Earlier research showed that this medicine helped improve pancreas function in older children with CF (ages 5-15). This new study confirms that the medicine can also help younger children (ages 2-6), which is important because the medicine was only recently approved for use in children as young as 2 years old. The study also found a connection between how much the pancreas improved and how much the sweat chloride decreased—when sweat chloride went down more, the pancreas tended to improve more. This supports what doctors already believed about how the medicine works.
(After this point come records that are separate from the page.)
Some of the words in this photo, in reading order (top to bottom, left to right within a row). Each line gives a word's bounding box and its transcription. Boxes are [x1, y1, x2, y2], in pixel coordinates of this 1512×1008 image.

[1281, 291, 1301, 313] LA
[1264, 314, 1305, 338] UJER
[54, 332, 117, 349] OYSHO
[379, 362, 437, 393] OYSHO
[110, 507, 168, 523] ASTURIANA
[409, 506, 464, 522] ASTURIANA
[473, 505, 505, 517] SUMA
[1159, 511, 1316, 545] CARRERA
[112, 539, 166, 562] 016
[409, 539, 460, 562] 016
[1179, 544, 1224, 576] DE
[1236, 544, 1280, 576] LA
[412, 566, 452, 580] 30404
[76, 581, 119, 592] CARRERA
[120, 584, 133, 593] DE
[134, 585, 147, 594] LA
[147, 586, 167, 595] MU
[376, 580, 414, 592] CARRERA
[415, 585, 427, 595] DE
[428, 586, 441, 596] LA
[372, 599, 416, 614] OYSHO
This study has several important limitations to keep in mind. First, it only included children from one hospital in the UK, so the results might be different in other countries or hospitals. Second, there was no comparison group of children not taking the medicine, so we can’t be 100% certain the medicine caused the improvements (though it’s very likely). Third, some of the information came from old medical records that might not be as complete as information collected specifically for research. Fourth, the study was relatively small (51 children), so the results might change if a larger study was done. Finally, the study only followed children for up to 12 months, so we don’t know what happens over longer periods.

The Bottom Line

If your child has CF and their pancreas isn’t working well, talk to your CF doctor about whether this medicine might help. The evidence suggests it may improve pancreas function in some young children (moderate confidence level). If your child starts taking this medicine and their pancreas improves, work with your doctor to slowly adjust digestive enzyme medicines rather than stopping them suddenly. Continue regular monitoring of your child’s pancreas function and symptoms, even if it seems to be working well, because improvement may not always last (high confidence level).
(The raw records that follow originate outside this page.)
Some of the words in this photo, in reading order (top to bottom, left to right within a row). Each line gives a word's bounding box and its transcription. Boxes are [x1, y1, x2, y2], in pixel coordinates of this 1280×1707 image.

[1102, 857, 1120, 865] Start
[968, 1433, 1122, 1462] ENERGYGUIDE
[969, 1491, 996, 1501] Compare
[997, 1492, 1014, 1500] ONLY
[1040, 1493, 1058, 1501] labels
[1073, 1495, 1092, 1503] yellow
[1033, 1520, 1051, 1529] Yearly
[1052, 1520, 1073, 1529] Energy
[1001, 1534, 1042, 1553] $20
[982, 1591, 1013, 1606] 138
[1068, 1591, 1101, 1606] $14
This research is most relevant for families with young children (ages 2-6) who have CF and pancreatic insufficiency (when the pancreas doesn’t work well). It’s also important for CF doctors and specialists who treat young children. Parents of older children with CF might find it interesting to understand how the medicine works in younger age groups. This research is less relevant for people with CF who don’t have pancreatic problems or for adults with CF, though some principles might apply.

If this medicine helps your child, you might see improvements in pancreas function within 6 months. However, it’s important to understand that improvement may not happen for everyone, and even if it does happen, it might not last. Some children’s pancreases stop working well again within a year. Therefore, you should expect to continue monitoring your child’s health regularly for at least 12 months and beyond, rather than expecting a quick fix.

Want to Apply This Research?

  • Track your child’s digestive symptoms weekly (such as greasy stools, stomach pain, or bloating) and note any changes in enzyme doses. Record these observations in a simple log with dates to share with your CF doctor at appointments.
  • Work with your CF care team to create a medication adjustment plan if pancreas function improves. Use the app to set reminders for enzyme doses and to track when doses change, helping you remember the current correct dose at each meal.
  • Set up monthly check-ins in the app to review your child’s symptoms and enzyme use patterns. Create alerts for scheduled lab tests (faecal elastase and vitamin levels) to ensure you don’t miss important monitoring appointments that help track pancreas function over time.

This research describes what happened in one hospital with a specific group of children. Results may vary for individual children based on their age, CF type, and overall health. This information is not a substitute for medical advice from your child’s CF care team. Do not make any changes to your child’s medicines, enzymes, or treatment plan without first talking to your CF doctor. Some children’s pancreases improved on this medicine while others did not, and some improvements were not permanent. Your child’s response may be different. Always work with your CF specialist to monitor your child’s health and adjust treatment as needed.